WHAT NEEDS TO BE DONE: Would you please set down the entries below exactly as shown?

※

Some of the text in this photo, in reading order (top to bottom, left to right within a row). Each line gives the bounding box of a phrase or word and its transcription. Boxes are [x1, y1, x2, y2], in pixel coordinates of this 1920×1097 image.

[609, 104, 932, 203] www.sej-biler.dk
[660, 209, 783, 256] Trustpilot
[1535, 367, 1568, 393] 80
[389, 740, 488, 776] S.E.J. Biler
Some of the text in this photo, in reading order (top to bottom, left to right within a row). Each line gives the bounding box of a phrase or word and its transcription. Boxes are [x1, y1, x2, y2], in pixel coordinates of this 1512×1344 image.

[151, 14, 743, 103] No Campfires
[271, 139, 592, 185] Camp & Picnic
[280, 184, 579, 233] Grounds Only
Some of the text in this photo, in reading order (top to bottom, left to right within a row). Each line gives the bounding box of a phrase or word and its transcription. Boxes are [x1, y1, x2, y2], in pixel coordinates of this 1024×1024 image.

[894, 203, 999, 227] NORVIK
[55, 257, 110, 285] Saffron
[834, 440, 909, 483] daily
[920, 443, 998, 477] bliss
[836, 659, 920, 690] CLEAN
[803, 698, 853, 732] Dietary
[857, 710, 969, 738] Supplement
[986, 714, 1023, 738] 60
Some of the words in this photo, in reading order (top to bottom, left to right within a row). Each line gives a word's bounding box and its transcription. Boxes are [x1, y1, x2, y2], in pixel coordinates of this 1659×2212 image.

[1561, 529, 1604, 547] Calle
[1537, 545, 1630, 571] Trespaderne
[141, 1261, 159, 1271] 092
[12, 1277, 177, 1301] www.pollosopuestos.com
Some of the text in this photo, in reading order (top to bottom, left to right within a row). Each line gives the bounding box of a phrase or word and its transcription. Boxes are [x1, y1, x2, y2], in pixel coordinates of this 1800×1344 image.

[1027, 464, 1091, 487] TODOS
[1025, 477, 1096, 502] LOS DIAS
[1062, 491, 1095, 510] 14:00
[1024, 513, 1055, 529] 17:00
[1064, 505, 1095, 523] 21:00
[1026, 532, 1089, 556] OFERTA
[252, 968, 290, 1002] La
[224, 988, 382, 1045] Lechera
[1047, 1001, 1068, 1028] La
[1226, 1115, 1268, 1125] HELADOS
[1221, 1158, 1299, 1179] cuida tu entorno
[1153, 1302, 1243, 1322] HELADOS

※

RESULT OF THIS EXERCISE:
Some of the text in this photo, in reading order (top to bottom, left to right within a row). Each line gives the bounding box of a phrase or word and its transcription. Boxes are [x1, y1, x2, y2], in pixel coordinates of this 1920×1097 image.

[609, 104, 932, 203] www.sej-biler.dk
[660, 209, 783, 256] Trustpilot
[1535, 367, 1568, 393] 80
[389, 740, 488, 776] S.E.J. Biler
Some of the text in this photo, in reading order (top to bottom, left to right within a row). Each line gives the bounding box of a phrase or word and its transcription. Boxes are [x1, y1, x2, y2], in pixel coordinates of this 1512×1344 image.

[151, 14, 743, 103] No Campfires
[271, 139, 592, 185] Camp & Picnic
[280, 184, 579, 233] Grounds Only
Some of the text in this photo, in reading order (top to bottom, left to right within a row). Each line gives the bounding box of a phrase or word and its transcription. Boxes are [x1, y1, x2, y2], in pixel coordinates of this 1024×1024 image.

[894, 203, 999, 227] NORVIK
[55, 257, 110, 285] Saffron
[834, 440, 909, 483] daily
[920, 443, 998, 477] bliss
[836, 659, 920, 690] CLEAN
[803, 698, 853, 732] Dietary
[857, 710, 969, 738] Supplement
[986, 714, 1023, 738] 60
Some of the words in this photo, in reading order (top to bottom, left to right within a row). Each line gives a word's bounding box and its transcription. Boxes are [x1, y1, x2, y2], in pixel coordinates of this 1659×2212 image.

[1561, 529, 1604, 547] Calle
[1537, 545, 1630, 571] Trespaderne
[141, 1261, 159, 1271] 092
[12, 1277, 177, 1301] www.pollosopuestos.com
Some of the text in this photo, in reading order (top to bottom, left to right within a row). Each line gives the bounding box of a phrase or word and its transcription. Boxes are [x1, y1, x2, y2], in pixel coordinates of this 1800×1344 image.

[1027, 464, 1091, 487] TODOS
[1025, 477, 1096, 502] LOS DIAS
[1062, 491, 1095, 510] 14:00
[1024, 513, 1055, 529] 17:00
[1064, 505, 1095, 523] 21:00
[1026, 532, 1089, 556] OFERTA
[252, 968, 290, 1002] La
[224, 988, 382, 1045] Lechera
[1047, 1001, 1068, 1028] La
[1226, 1115, 1268, 1125] HELADOS
[1221, 1158, 1299, 1179] cuida tu entorno
[1153, 1302, 1243, 1322] HELADOS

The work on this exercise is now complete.